• [Work to complete]: An exact copy of the listing below is needed, with no pictures in it.
Data for the task START
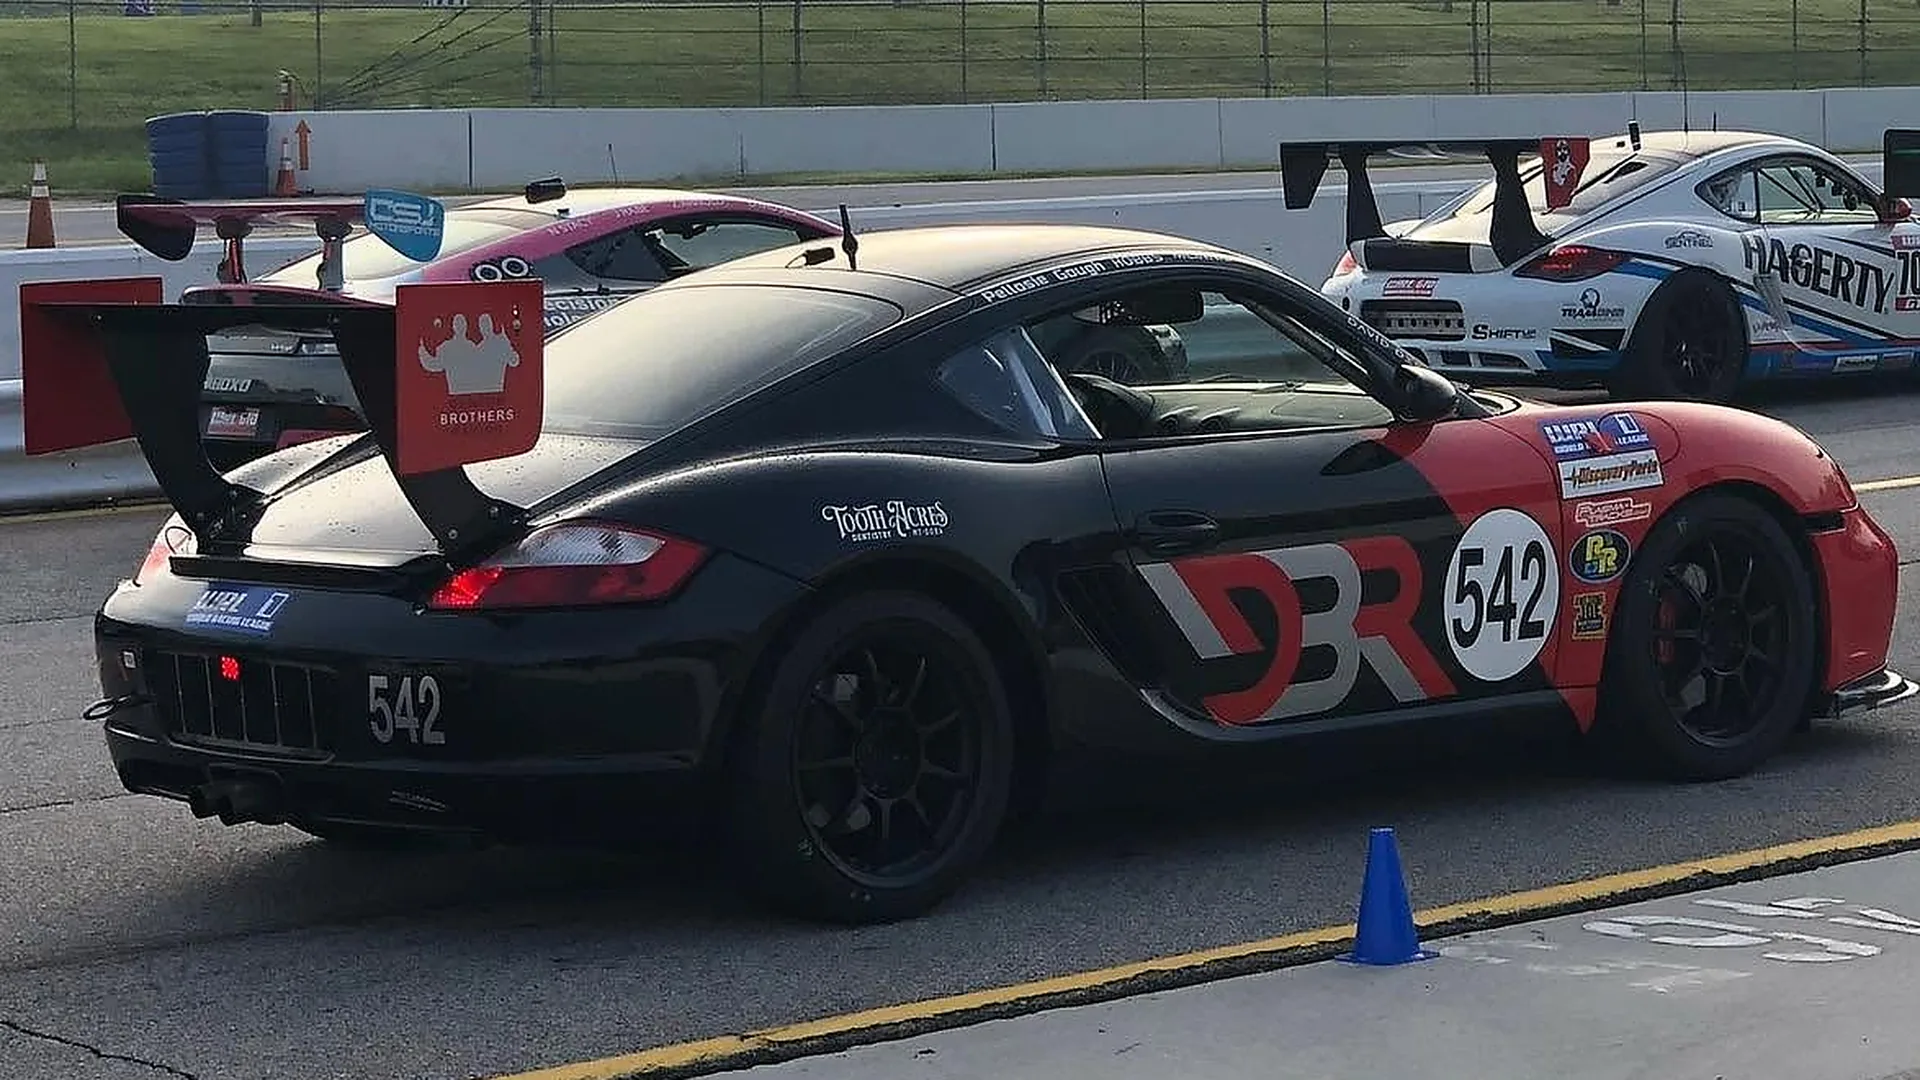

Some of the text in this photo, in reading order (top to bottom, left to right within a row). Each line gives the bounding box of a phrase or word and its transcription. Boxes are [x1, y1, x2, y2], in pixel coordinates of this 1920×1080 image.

[1052, 262, 1107, 281] Gough
[1740, 233, 1895, 314] HAGERTY
[1346, 316, 1390, 348] DAVID
[1471, 323, 1521, 340] SHIFT
[439, 408, 516, 426] BROTHERS
[821, 500, 949, 540] TOOTH ACRES
[1451, 539, 1546, 649] 542
[1135, 534, 1459, 727] DBR
[368, 674, 447, 745] 542
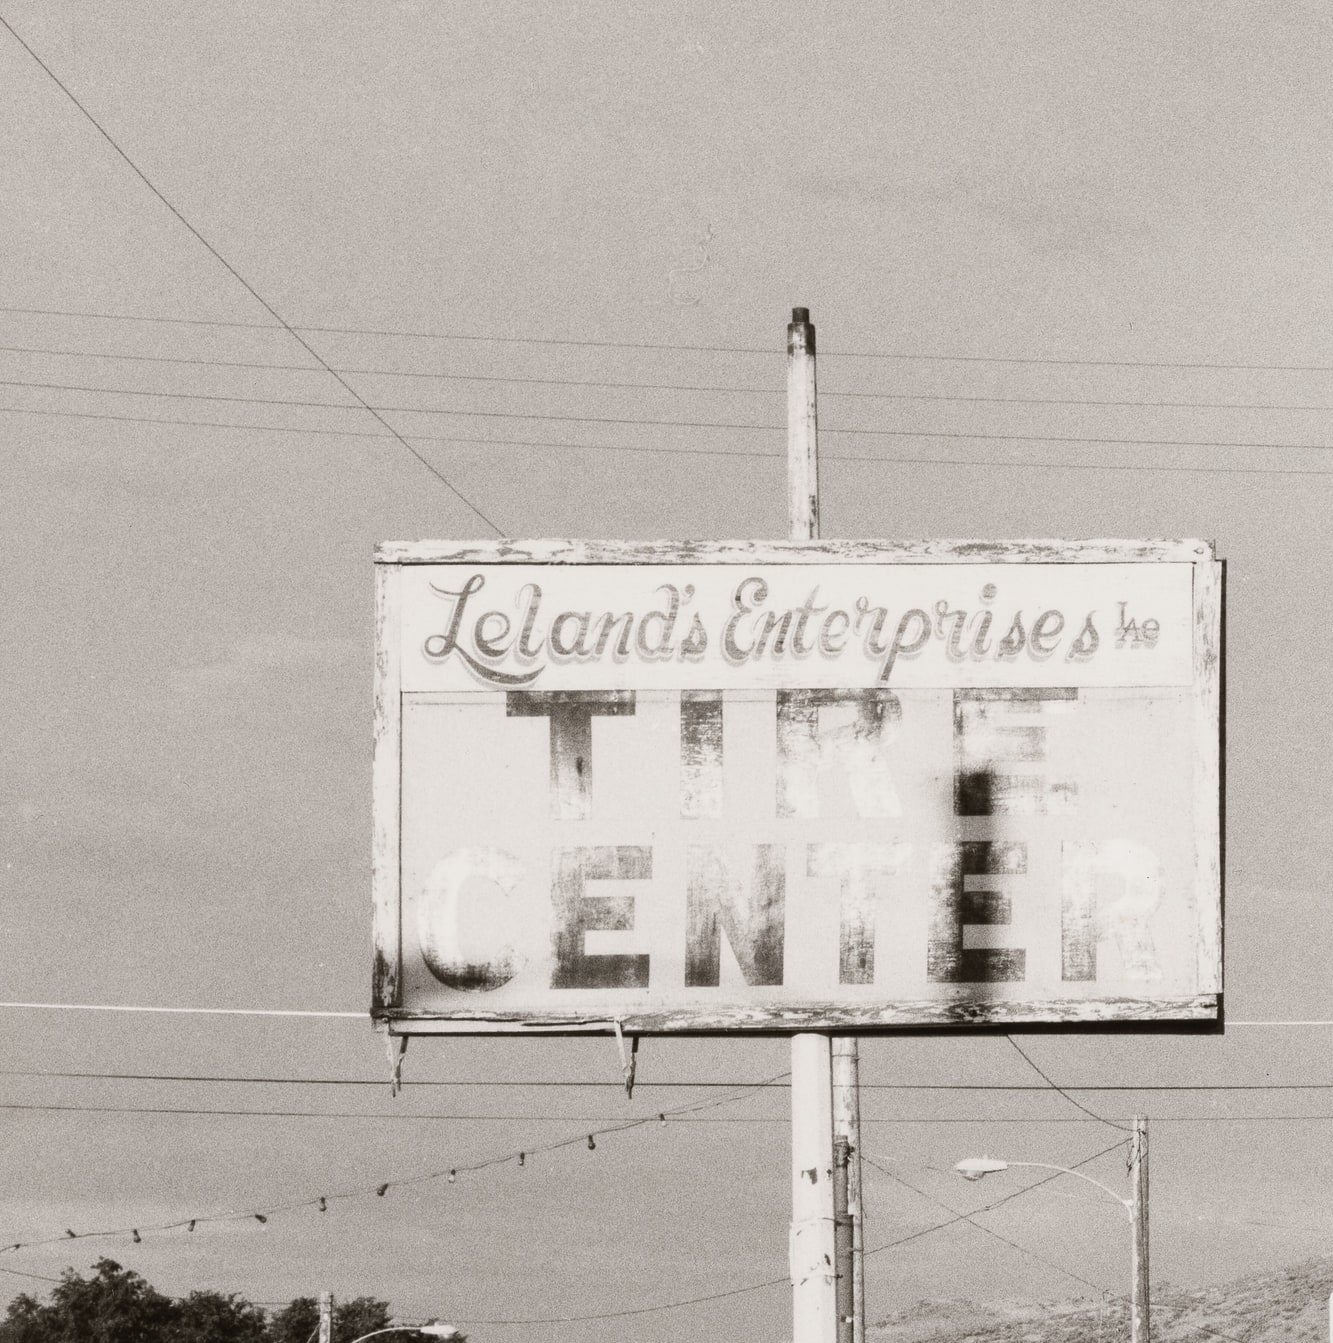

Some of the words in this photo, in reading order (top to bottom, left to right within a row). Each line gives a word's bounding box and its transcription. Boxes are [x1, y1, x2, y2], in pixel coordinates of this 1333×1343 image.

[422, 573, 708, 687] Leland's
[722, 575, 1101, 682] Enterprises
[506, 687, 1079, 821] TIRE
[417, 840, 1167, 992] CENTER
Data for the task END
• [Solution to the problem]:
Some of the text in this photo, in reading order (top to bottom, left to right within a row). Each line gives the bounding box of a phrase or word and its transcription. Boxes are [x1, y1, x2, y2], in pixel coordinates of this 1920×1080 image.

[1052, 262, 1107, 281] Gough
[1740, 233, 1895, 314] HAGERTY
[1346, 316, 1390, 348] DAVID
[1471, 323, 1521, 340] SHIFT
[439, 408, 516, 426] BROTHERS
[821, 500, 949, 540] TOOTH ACRES
[1451, 539, 1546, 649] 542
[1135, 534, 1459, 727] DBR
[368, 674, 447, 745] 542

Some of the words in this photo, in reading order (top to bottom, left to right within a row). Each line gives a word's bounding box and its transcription. Boxes are [x1, y1, x2, y2], in pixel coordinates of this 1333×1343 image.

[422, 573, 708, 687] Leland's
[722, 575, 1101, 682] Enterprises
[506, 687, 1079, 821] TIRE
[417, 840, 1167, 992] CENTER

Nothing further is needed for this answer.